Records for the exercise:
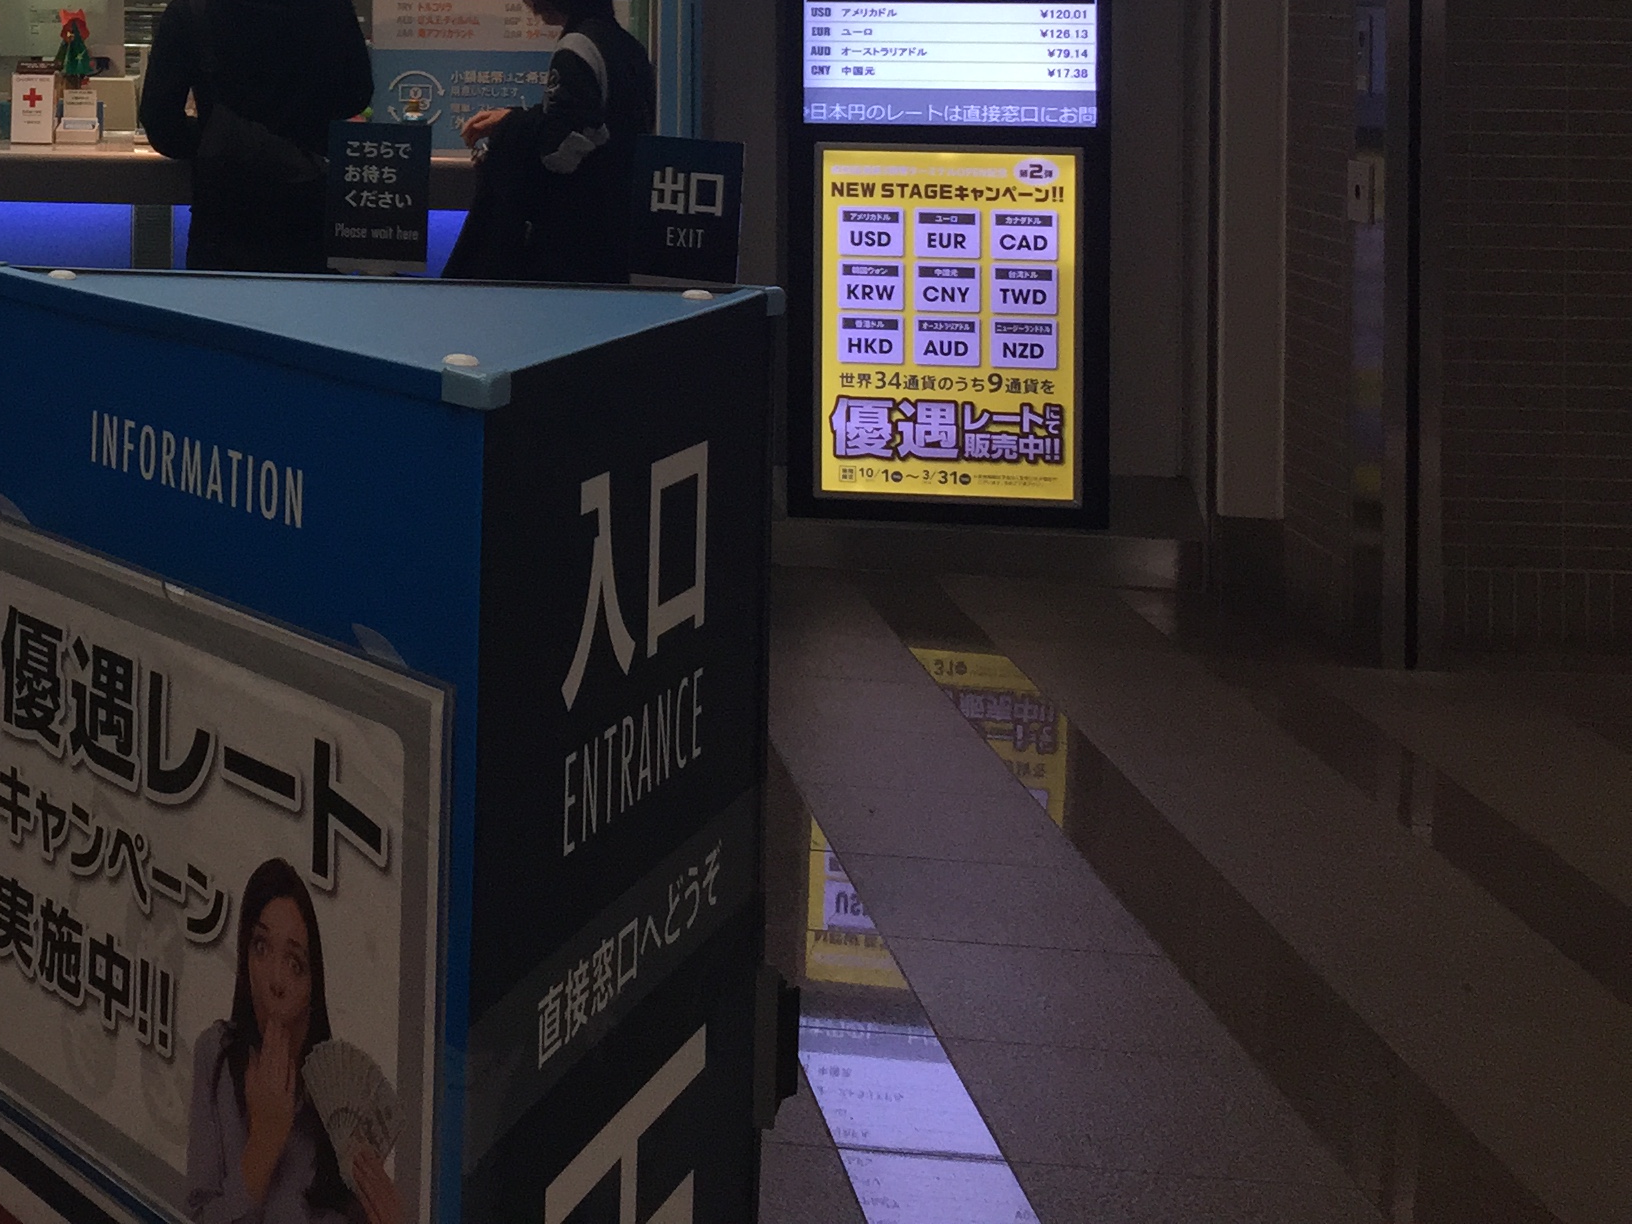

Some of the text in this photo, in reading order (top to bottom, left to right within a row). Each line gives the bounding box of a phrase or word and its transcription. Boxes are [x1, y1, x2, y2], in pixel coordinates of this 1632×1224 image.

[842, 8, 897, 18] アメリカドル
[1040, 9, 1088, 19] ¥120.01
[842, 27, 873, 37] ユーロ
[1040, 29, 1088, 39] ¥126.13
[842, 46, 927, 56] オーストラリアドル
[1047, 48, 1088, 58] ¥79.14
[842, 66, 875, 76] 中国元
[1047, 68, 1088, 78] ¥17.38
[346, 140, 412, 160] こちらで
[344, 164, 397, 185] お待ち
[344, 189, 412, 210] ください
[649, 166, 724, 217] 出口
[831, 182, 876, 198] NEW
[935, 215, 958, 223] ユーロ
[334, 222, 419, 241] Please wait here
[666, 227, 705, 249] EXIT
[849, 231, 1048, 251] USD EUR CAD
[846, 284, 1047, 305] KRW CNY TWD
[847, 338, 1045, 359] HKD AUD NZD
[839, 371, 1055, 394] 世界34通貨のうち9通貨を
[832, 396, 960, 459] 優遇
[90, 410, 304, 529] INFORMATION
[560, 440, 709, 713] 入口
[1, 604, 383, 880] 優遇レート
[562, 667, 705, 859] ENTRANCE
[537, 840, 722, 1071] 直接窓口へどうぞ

Work to be completed:
Please set the data above down exactly, with the pictures removed.

Answer space:
Some of the text in this photo, in reading order (top to bottom, left to right within a row). Each line gives the bounding box of a phrase or word and its transcription. Boxes are [x1, y1, x2, y2], in pixel coordinates of this 1632×1224 image.

[842, 8, 897, 18] アメリカドル
[1040, 9, 1088, 19] ¥120.01
[842, 27, 873, 37] ユーロ
[1040, 29, 1088, 39] ¥126.13
[842, 46, 927, 56] オーストラリアドル
[1047, 48, 1088, 58] ¥79.14
[842, 66, 875, 76] 中国元
[1047, 68, 1088, 78] ¥17.38
[346, 140, 412, 160] こちらで
[344, 164, 397, 185] お待ち
[344, 189, 412, 210] ください
[649, 166, 724, 217] 出口
[831, 182, 876, 198] NEW
[935, 215, 958, 223] ユーロ
[334, 222, 419, 241] Please wait here
[666, 227, 705, 249] EXIT
[849, 231, 1048, 251] USD EUR CAD
[846, 284, 1047, 305] KRW CNY TWD
[847, 338, 1045, 359] HKD AUD NZD
[839, 371, 1055, 394] 世界34通貨のうち9通貨を
[832, 396, 960, 459] 優遇
[90, 410, 304, 529] INFORMATION
[560, 440, 709, 713] 入口
[1, 604, 383, 880] 優遇レート
[562, 667, 705, 859] ENTRANCE
[537, 840, 722, 1071] 直接窓口へどうぞ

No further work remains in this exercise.